For those interested in sprucing up there development experience with C# in VS (03 || 05), check out
ReSharper. It was brought to my attention by
my boss, who I believe heard about it through the grapevine via the CodePlex gang. I'm pretty excited to give it a try as there are lots of nice features to be utilized (2 minutes to go on the trial install). If there are any significant epiphanies reached whilst using it (limited, of course, to work-specific epiphanies that is) they'll be posted here.
One of the first things I learned in a role as a developer was to never fall in love with my code; aka make it 'my baby'. It took a little while to actually get there, but now I am usually one of the first to peg my babies as 'ugly,' as I know most all of their faults already.
Midway into my current project (which is being developed in an agile approach and is targeted for 'beta' quality), I'm slightly struggling with ugly-baby syndrome again. Mainly, we're trying to get something shipped so that the teams who will be utlizing it can give us the detailed feedback that we (*collectively*) aren't taking the time to gather beforehand. Mainly, it's the non-visible stuff that I am having having difficulty putting off until a later iteration (instrumentation, security, etc.).
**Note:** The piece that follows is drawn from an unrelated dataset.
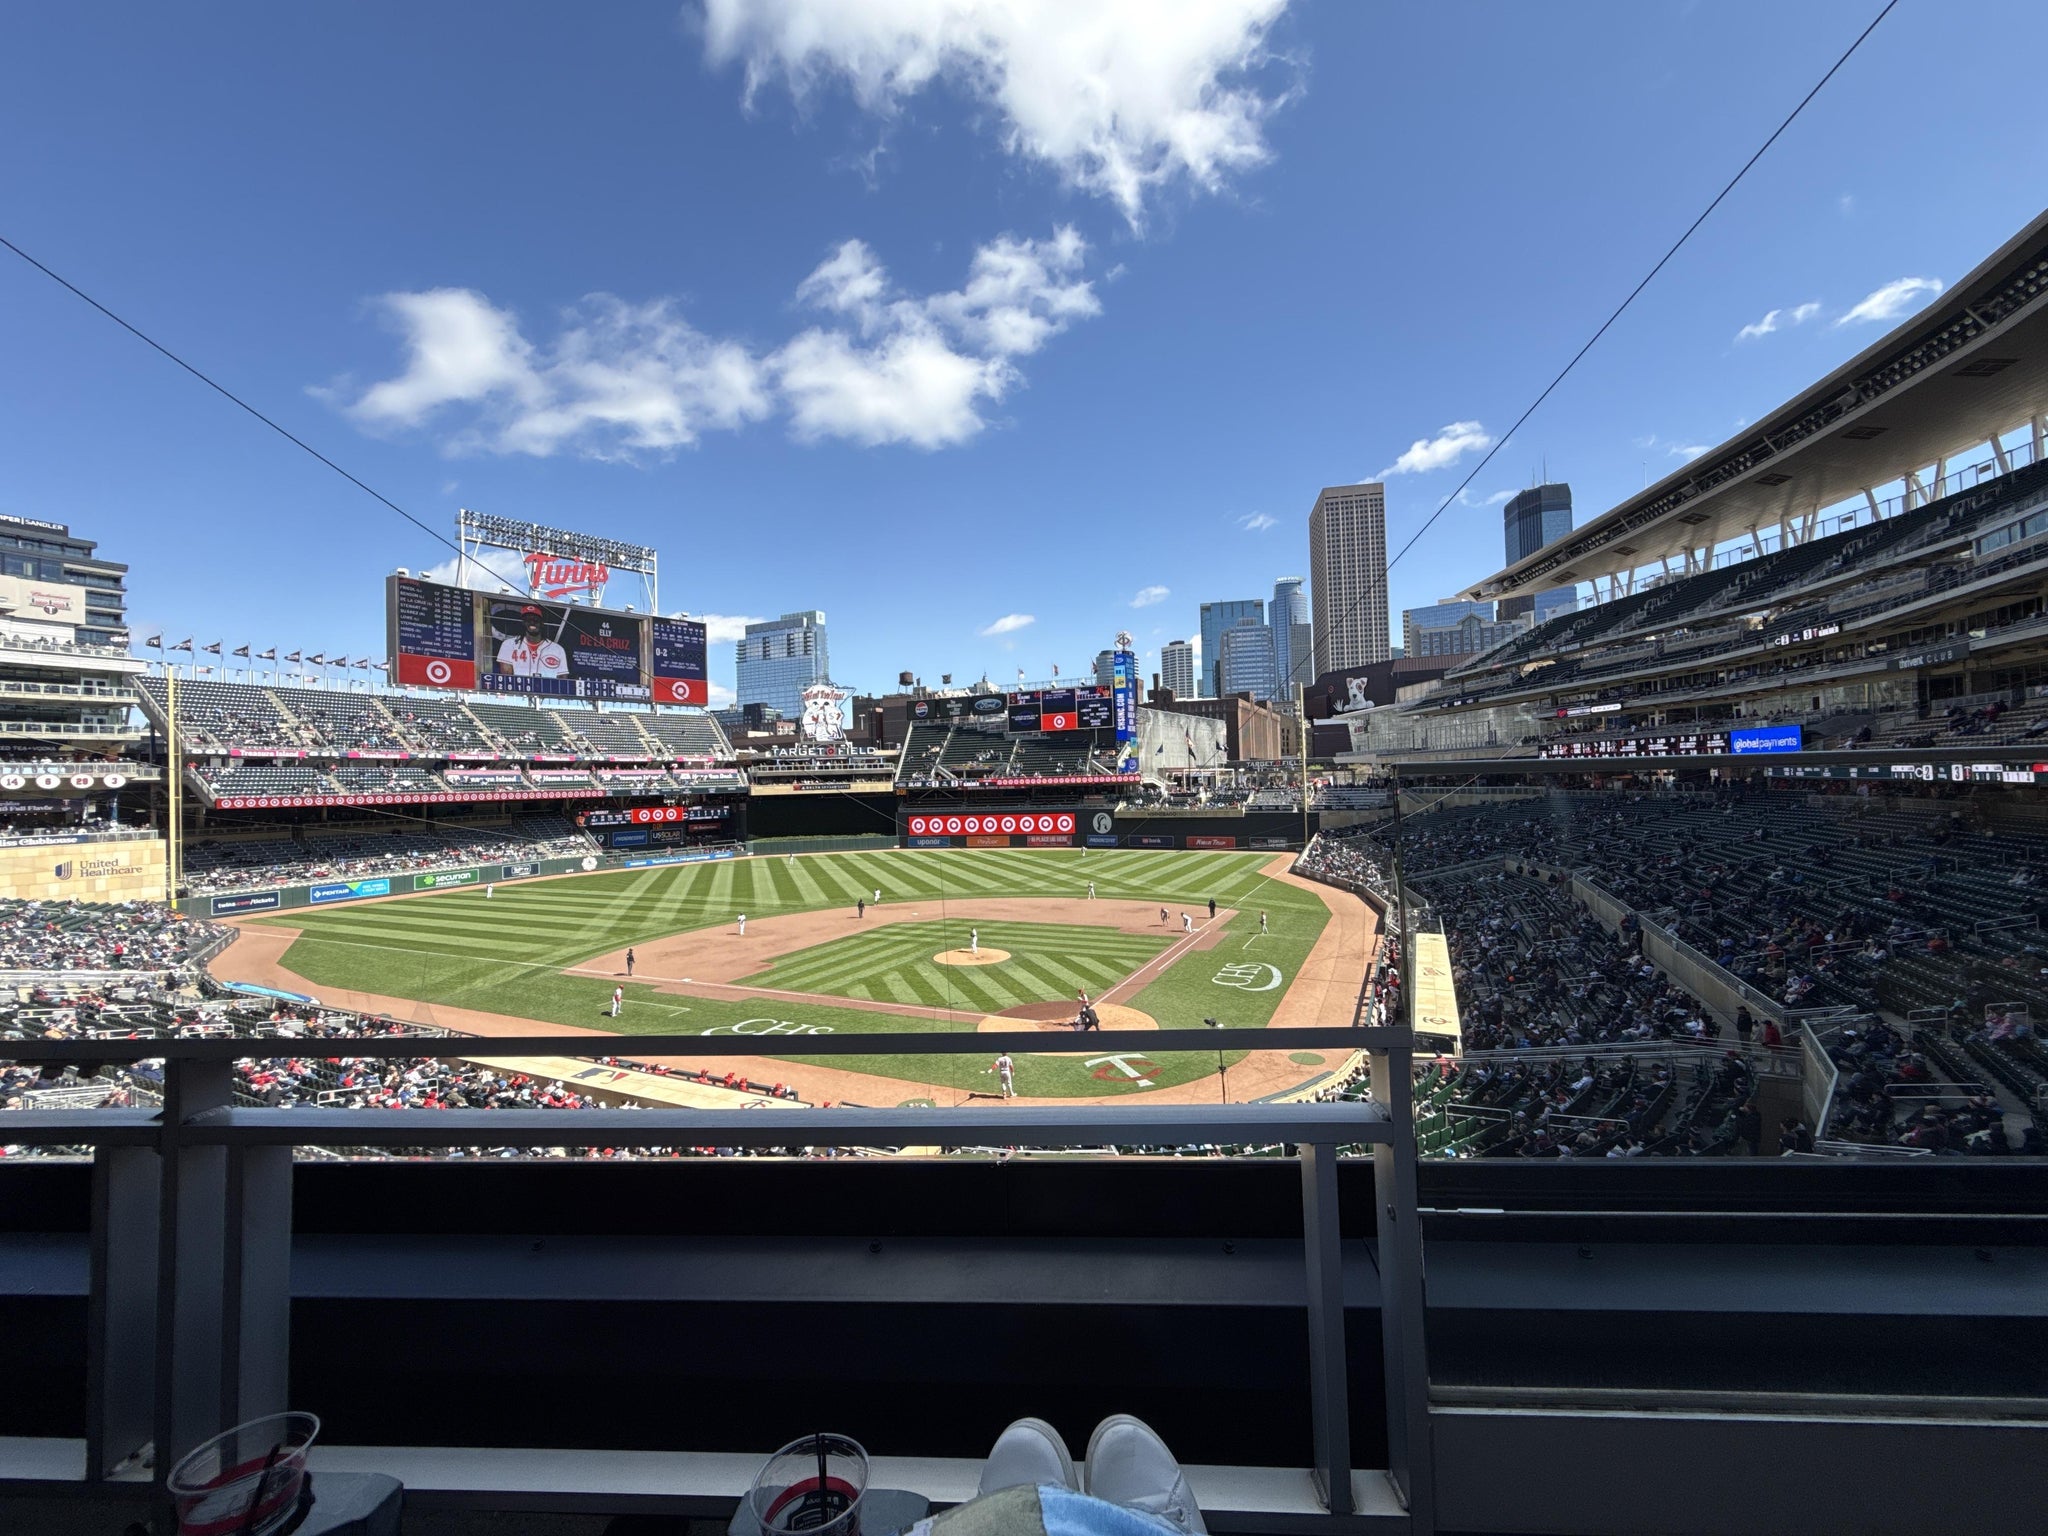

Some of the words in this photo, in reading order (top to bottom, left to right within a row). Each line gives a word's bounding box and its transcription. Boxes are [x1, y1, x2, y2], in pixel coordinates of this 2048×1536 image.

It's stuff that you know you'll have to end up doing eventually, but you don't want to waste time doing it on features that might be refactored or cut.
It's an interesting approach, but definitely different than the waterfall approach I was schooled in and then later conditioned in whilst developing in an enterprise IT group. Overall, I'd have to say that I am enjoying it, but I do laugh every time I think of the day that our little baby beta will be born into a critical environment only to highlight what Ma & Pa did and didn't do right.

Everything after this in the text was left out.